To further exhibit the disturbance of measurement errors on TMB thresholds and the stability of our proposed joint model, we additionally simulated the comparison of efficacy grouped by different TMB thresholds. We simulated the prognosis of a cohort of patients based on the assumption that there is a positive correlation between actual TMB levels and a favorable immunotherapy prognosis, with coefficients set exactly as above. The variance fluctuation of TMB measurement error was set to 1.0. We derive the different thresholds for classifying patients and comparing their efficacy based on the joint statistical inference with the TMB actual values, the quantile method with TMB observations, and the joint-correction statistical inference with TMB observations. The outcomes of the comparison are depicted in Figure 2. We can clearly observe that the discrepancies between the efficacies of different groups are minimized or even reversed (Figure 2C,D) when the patients were classified directly using quartiles in the presence of measurement errors. Contrary to the clinical theory that the higher TMB, the more antitumor immunogenic the patient, patients in the TMB-low subgroup demonstrated greater therapeutic benefit in terms of tumor remission and progression-free survival than those in the TMB-high subgroup. The confounding effect of the measurement errors would dilute the actual link between TMB levels and immunotherapy clinical efficacy (Figures 2A,B), preventing appropriate screening for superior patient populations. In contrast, the bias effect due to measurement errors is reduced when we use the joint model as well as the correction estimation procedure. As shown in Figure 2E,F, the TMB threshold determination based on our proposed method ensures both the validity and a certain degree of error tolerance.

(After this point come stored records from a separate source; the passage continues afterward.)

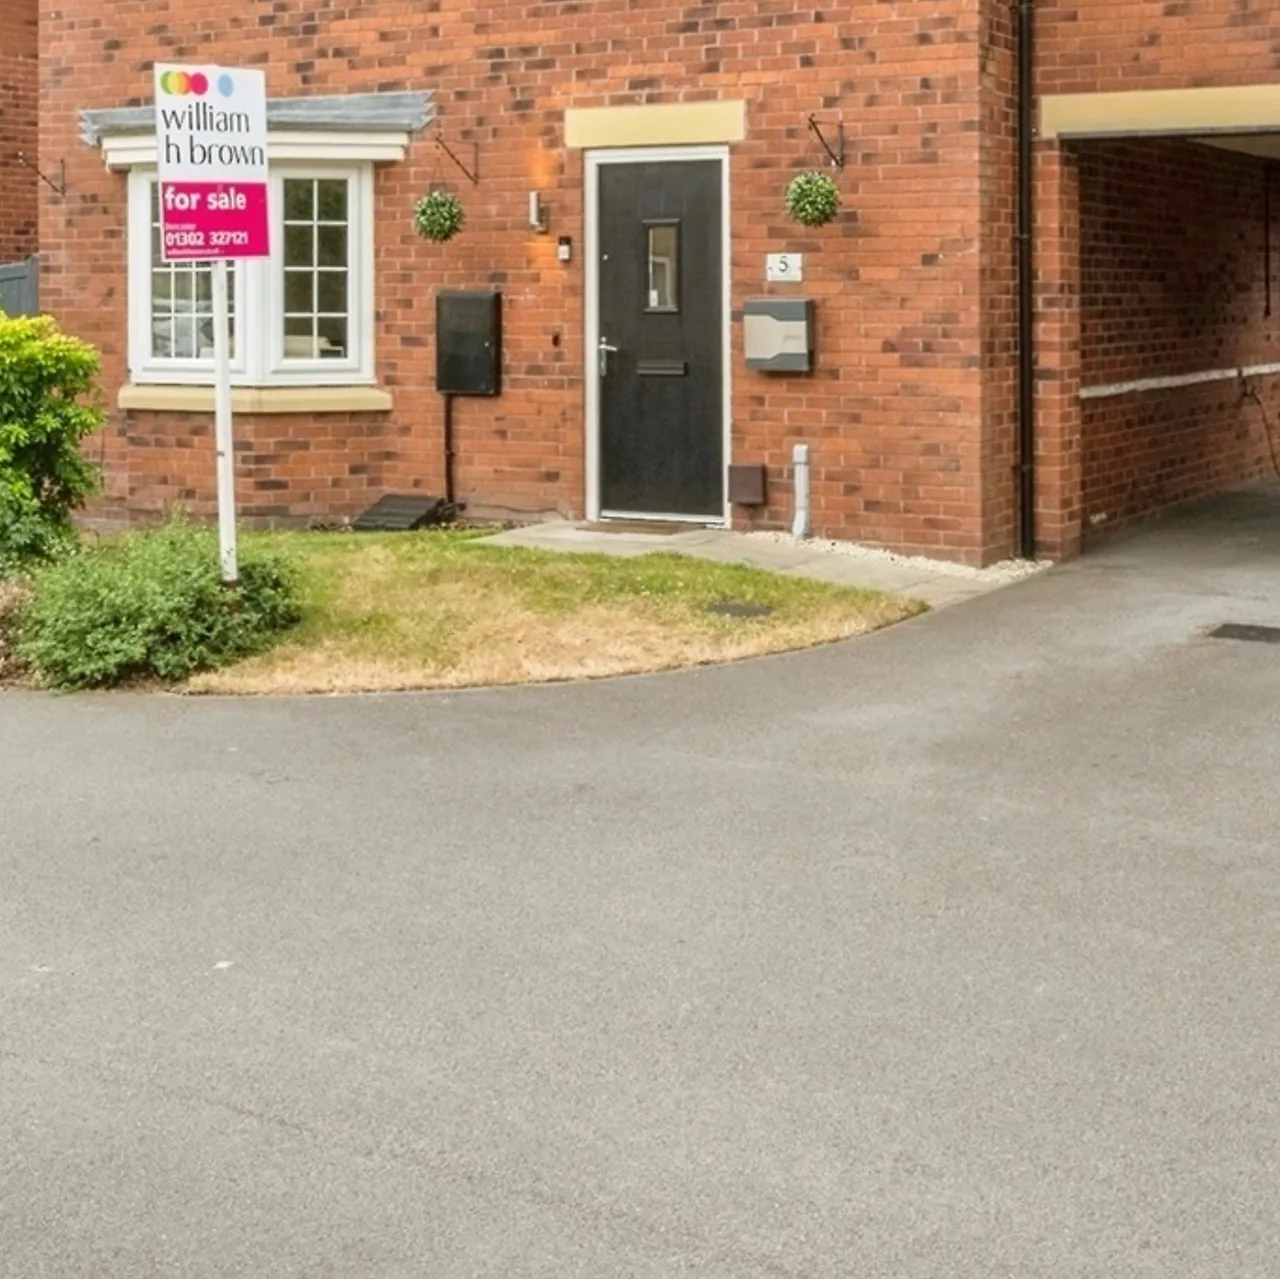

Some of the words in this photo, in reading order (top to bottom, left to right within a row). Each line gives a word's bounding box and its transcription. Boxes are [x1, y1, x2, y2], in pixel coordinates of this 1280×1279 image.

[161, 101, 250, 133] william
[166, 135, 181, 164] h
[189, 135, 265, 166] brown
[165, 185, 200, 210] for
[207, 186, 246, 210] sale
[165, 231, 204, 246] 01302
[209, 230, 249, 245] 327121
[778, 255, 790, 273] 5
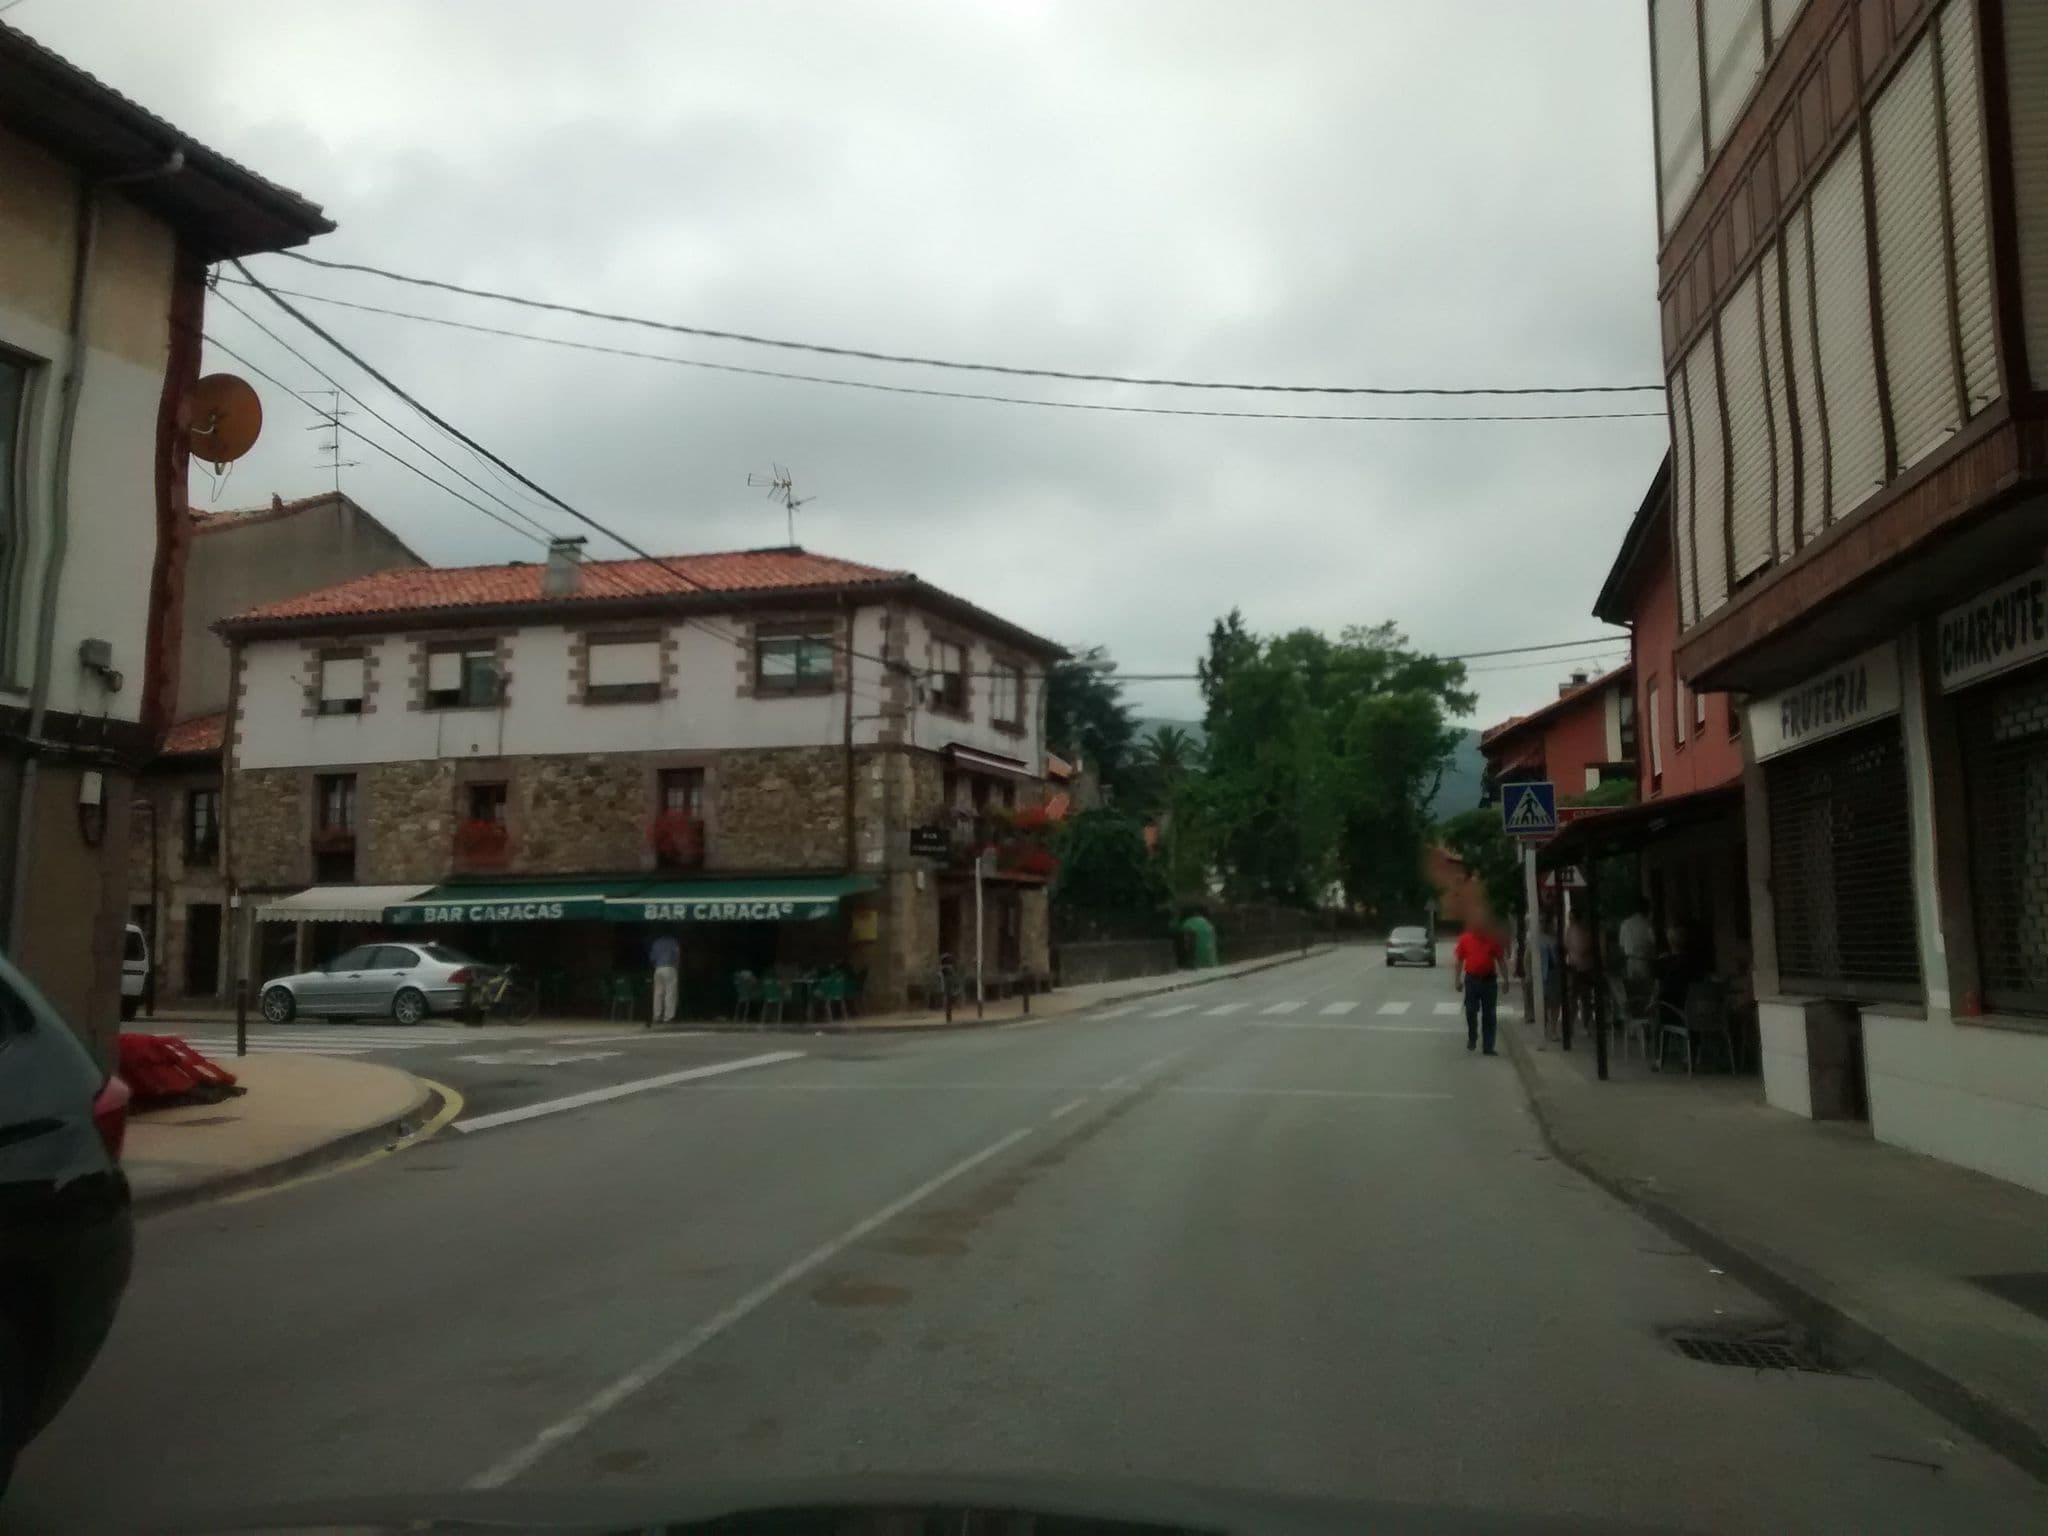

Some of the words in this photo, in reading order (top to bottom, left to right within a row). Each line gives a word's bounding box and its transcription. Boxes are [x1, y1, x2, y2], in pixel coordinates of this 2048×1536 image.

[1782, 664, 1867, 740] FRUTERIA
[424, 907, 462, 923] BAR
[469, 904, 563, 922] CARACAS
[644, 903, 686, 920] BAR

FIGURE 2. Efficacy comparison of patients grouped based on different TMB thresholds. (A) (B) Comparison of ORR and survival curves based on the threshold derived from the joint statistical inference with TMB actual values. (C) (D) Comparison of ORR and survival curves based on median TMB observations. (E) (F) Comparison of ORR and survival curves based on the threshold derived from the joint-correction statistical inference with TMB observed values.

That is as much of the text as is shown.